### Task to carry out
Copy the records below in full, keeping each word as it is but omitting the pictures.
——
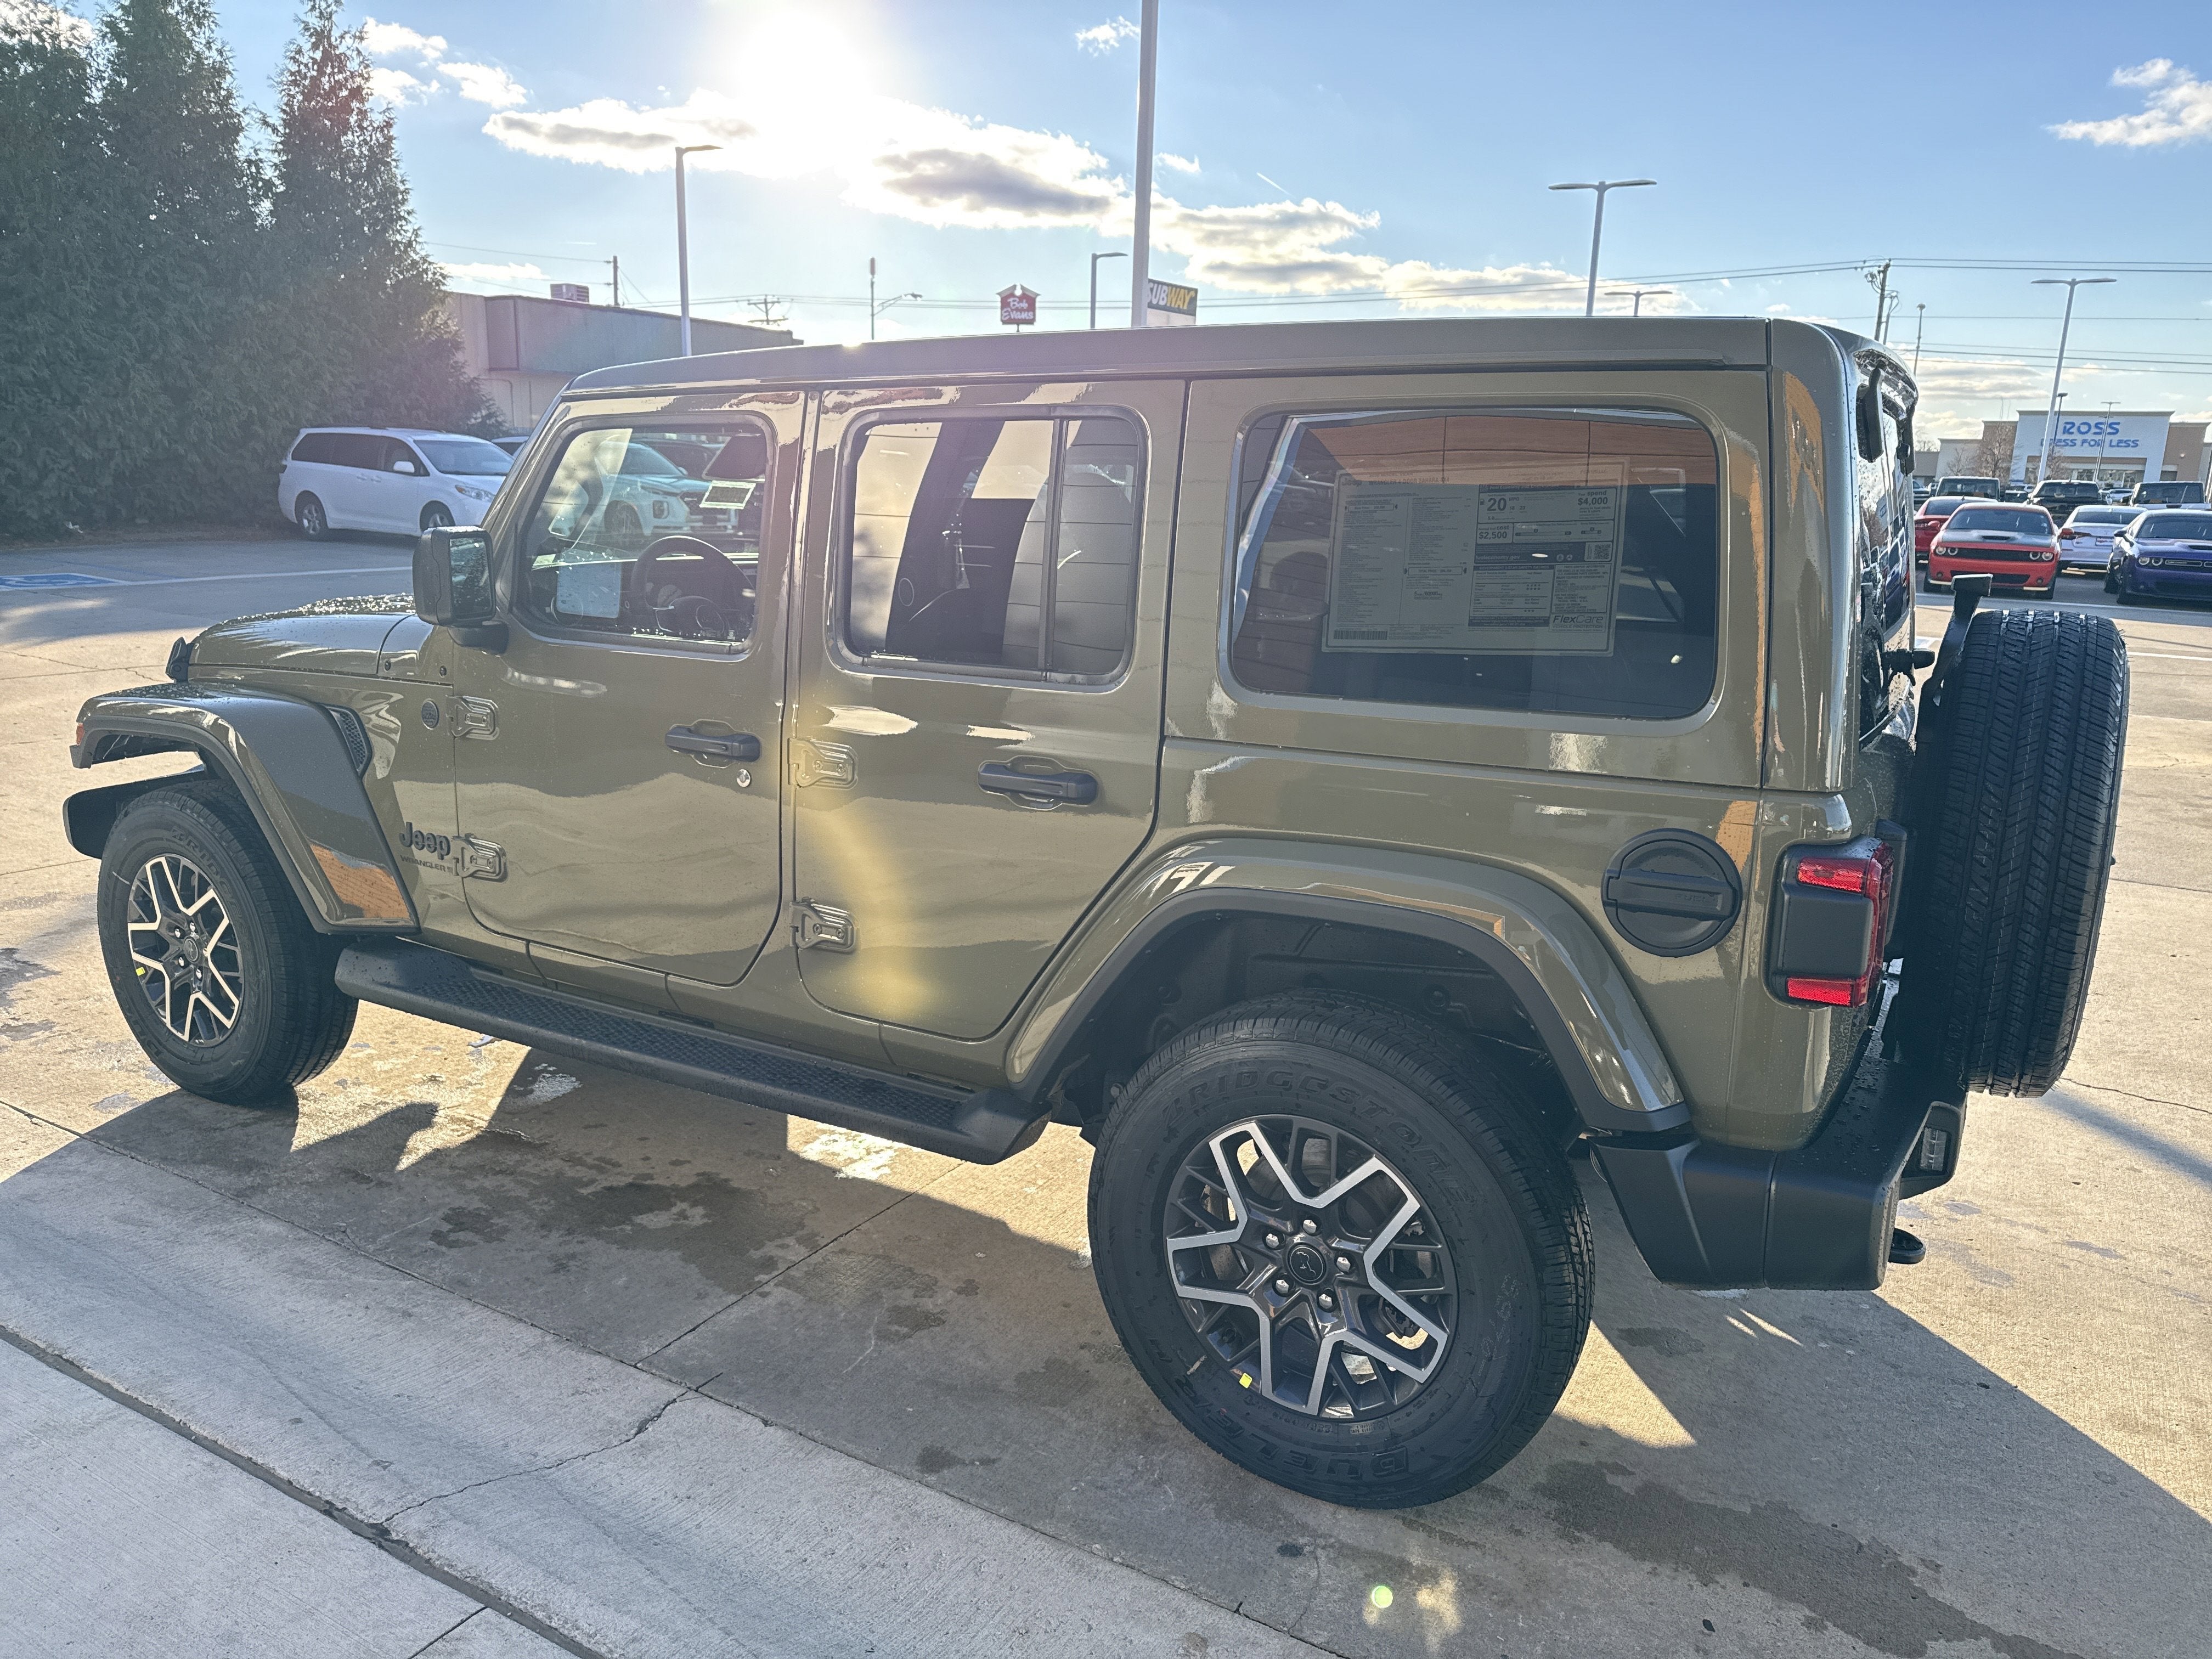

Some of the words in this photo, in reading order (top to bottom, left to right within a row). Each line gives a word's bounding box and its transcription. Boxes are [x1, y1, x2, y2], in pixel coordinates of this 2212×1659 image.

[1147, 282, 1195, 309] SUBWAY
[1007, 297, 1028, 311] Bob
[1001, 307, 1034, 321] Evans
[2062, 421, 2121, 435] ROSS
[2109, 439, 2140, 448] LESS
[1487, 498, 1507, 511] 20
[1578, 497, 1608, 506] $4,000
[1479, 532, 1507, 540] $2,500
[1553, 615, 1604, 623] FlexCare
[399, 821, 450, 861] Jeep
[400, 855, 446, 872] WRANGLER
[1160, 1067, 1476, 1203] BRIDGESTONE
[1174, 1373, 1409, 1480] DUELER
——
### Written response
Some of the words in this photo, in reading order (top to bottom, left to right within a row). Each line gives a word's bounding box and its transcription. Boxes are [x1, y1, x2, y2], in pixel coordinates of this 2212×1659 image.

[1147, 282, 1195, 309] SUBWAY
[1007, 297, 1028, 311] Bob
[1001, 307, 1034, 321] Evans
[2062, 421, 2121, 435] ROSS
[2109, 439, 2140, 448] LESS
[1487, 498, 1507, 511] 20
[1578, 497, 1608, 506] $4,000
[1479, 532, 1507, 540] $2,500
[1553, 615, 1604, 623] FlexCare
[399, 821, 450, 861] Jeep
[400, 855, 446, 872] WRANGLER
[1160, 1067, 1476, 1203] BRIDGESTONE
[1174, 1373, 1409, 1480] DUELER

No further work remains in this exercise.